Au Gabon, la maternité est souvent perçue comme un accomplissement, symbole de joie et de continuité. Mais derrière cette image idéalisée, certaines jeunes mères affrontent une réalité plus sombre : solitude, fatigue extrême, angoisse et parfois désespoir.
Ces dernières années, des drames ont bouleversé l’opinion publique : des nouveau-nés retrouvés sans vie, victimes d’actes désespérés commis par leurs propres mères. Ces tragédies révèlent un mal silencieux : la souffrance psychologique liée à la maternité, encore largement taboue.
Pression sociale, manque de soutien familial, difficultés financières ou dépression post-partum : autant de facteurs qui transforment un moment censé être heureux en véritable fardeau. Certaines initiatives existent, comme le cabinet de psychologie dirigé par Stéphanie Charbonnier, qui accompagne les jeunes mamans à travers écoute active, thérapies de soutien et ateliers de gestion du stress.
🔎 Le regard de Com d’Afrik
Ce sujet met en lumière une urgence souvent négligée : la santé mentale maternelle. La maternité ne doit pas être perçue uniquement comme un devoir social ou un symbole culturel, mais comme une expérience humaine complexe, qui peut générer autant de bonheur que de détresse.

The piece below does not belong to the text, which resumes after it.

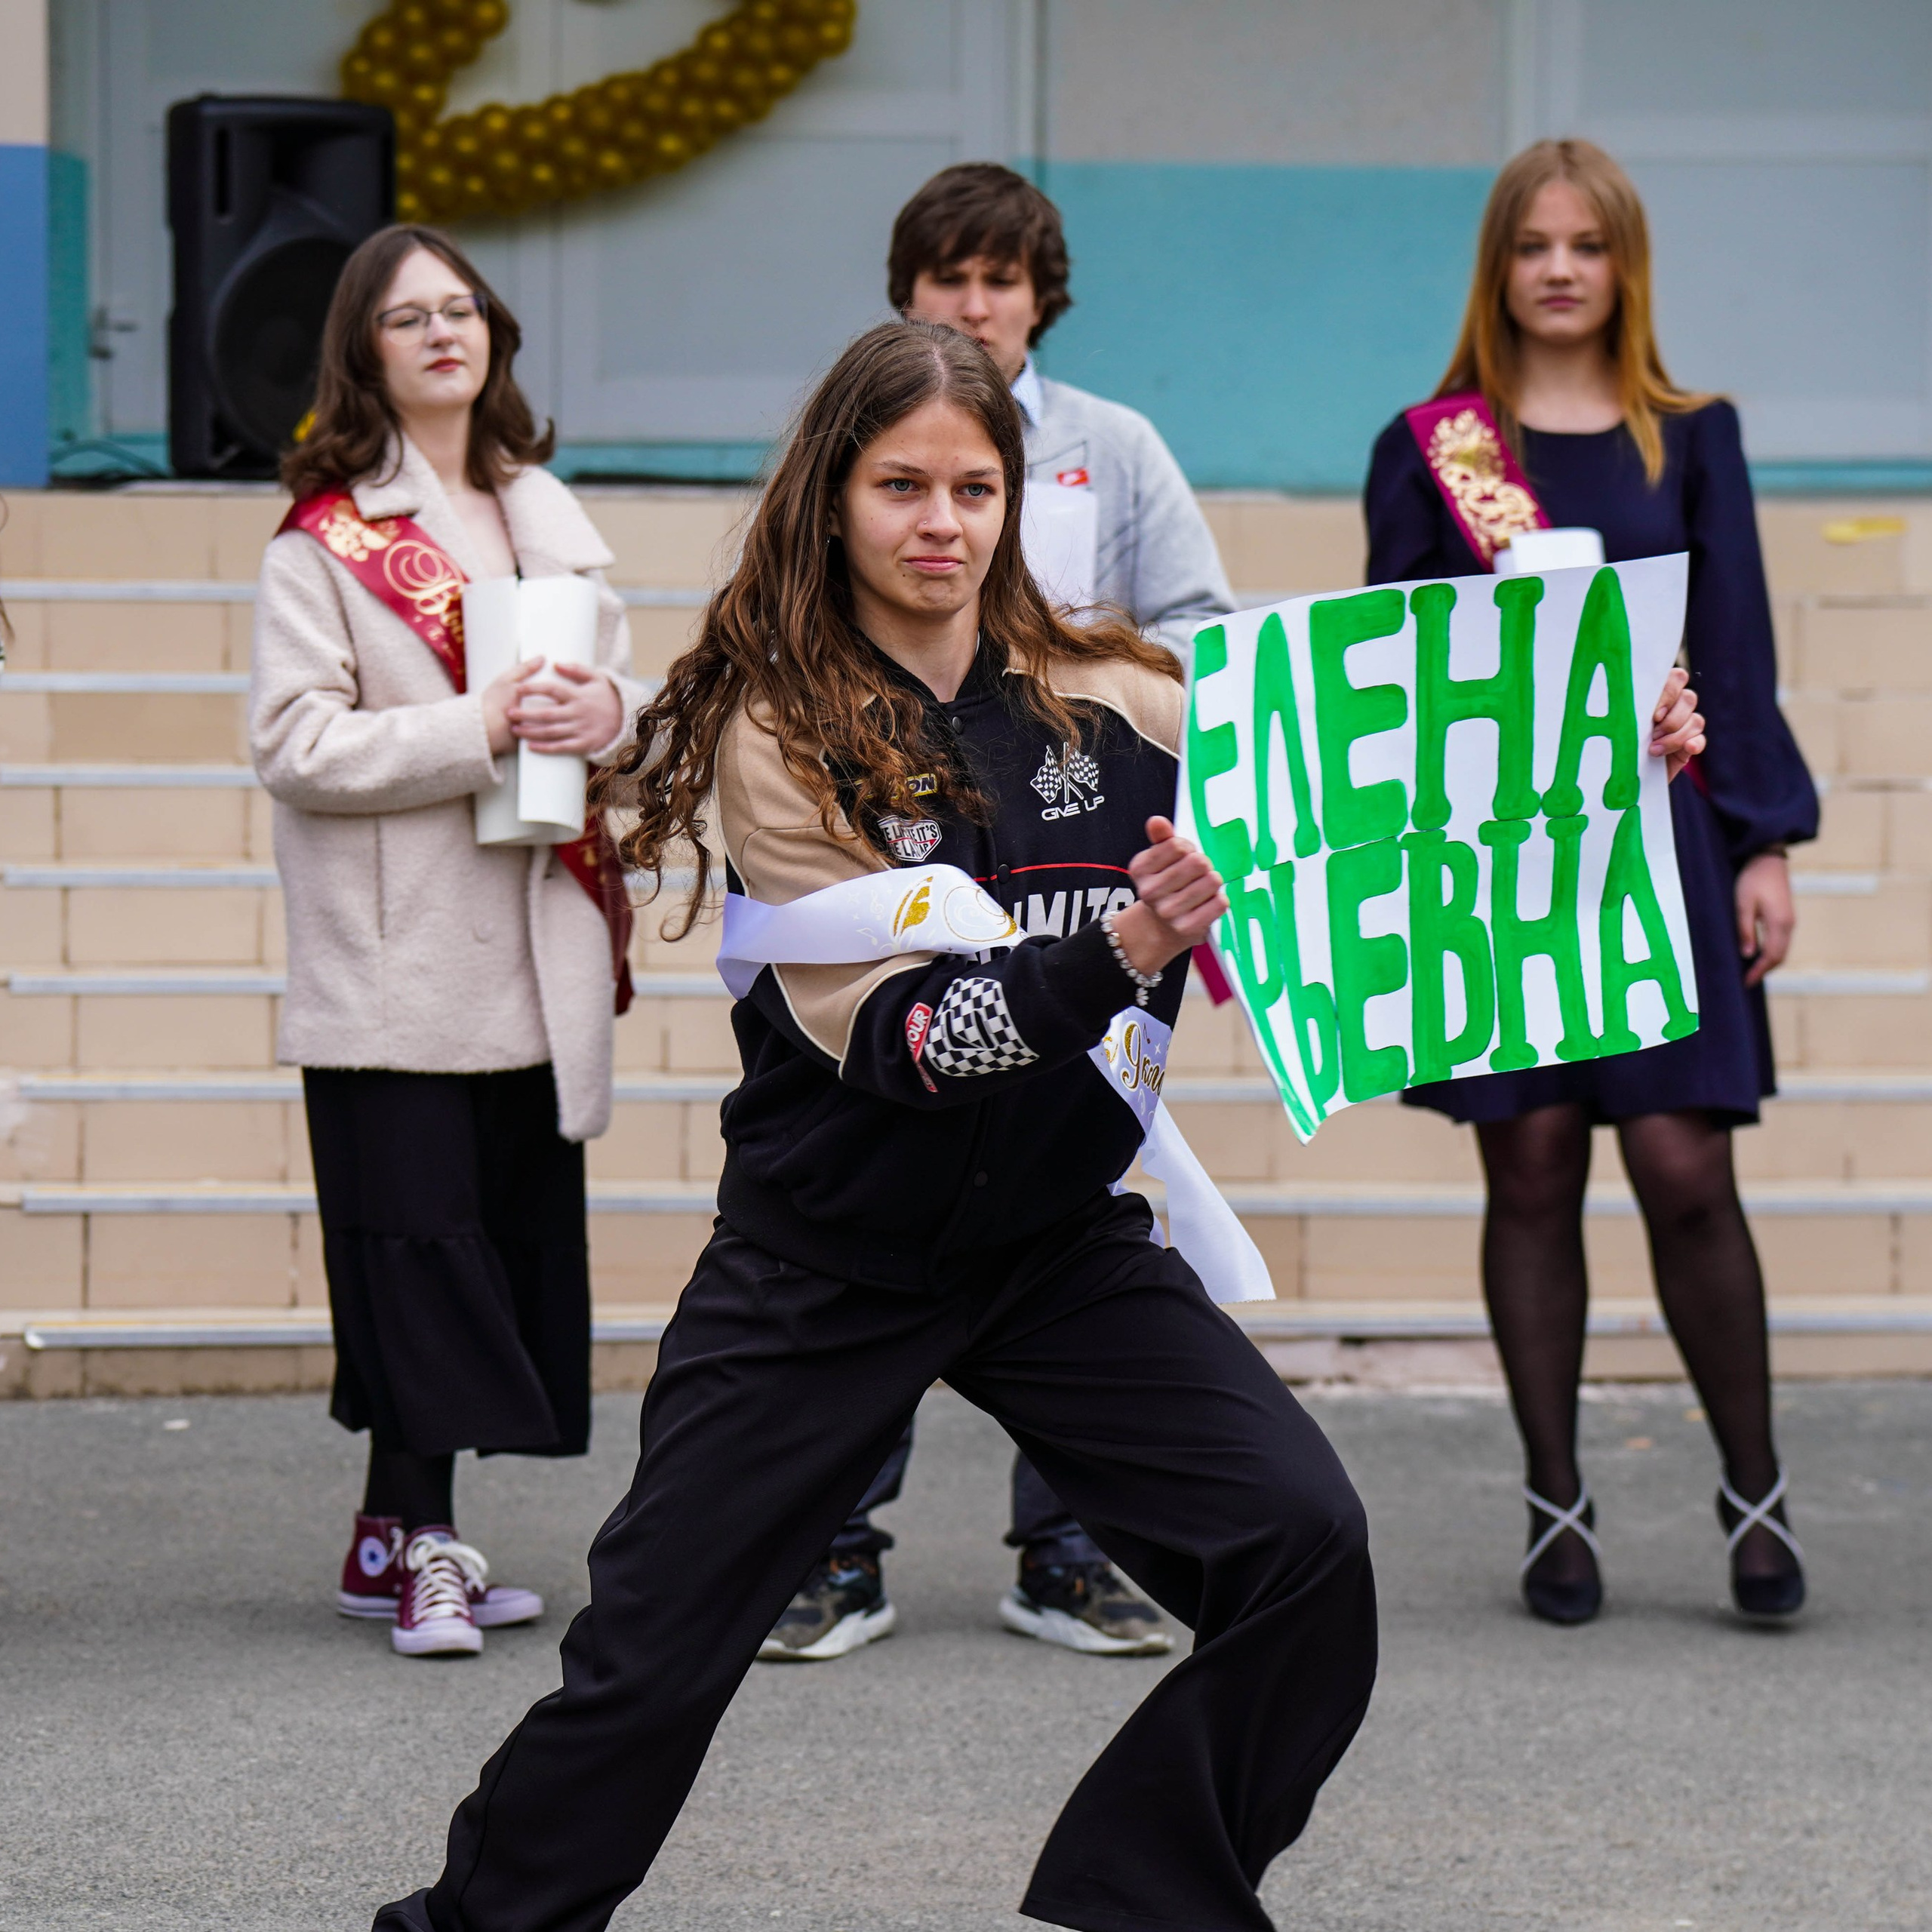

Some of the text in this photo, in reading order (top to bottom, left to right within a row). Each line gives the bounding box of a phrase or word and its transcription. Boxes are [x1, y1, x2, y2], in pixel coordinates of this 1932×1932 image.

Les drames récents rappellent que la souffrance maternelle est une question de santé publique. Ne pas agir, c’est courir le risque de fragiliser non seulement les mères, mais aussi les enfants et, au-delà, le tissu social tout entier.
Il est donc indispensable de :
- Briser le tabou autour de la détresse psychologique des mères.
- Développer des dispositifs accessibles de suivi psychologique.
- Sensibiliser familles, communautés et institutions à l’importance d’un soutien réel et constant.
Donner la parole aux mères, c’est leur offrir une chance d’être entendues avant que le désespoir ne prenne le dessus.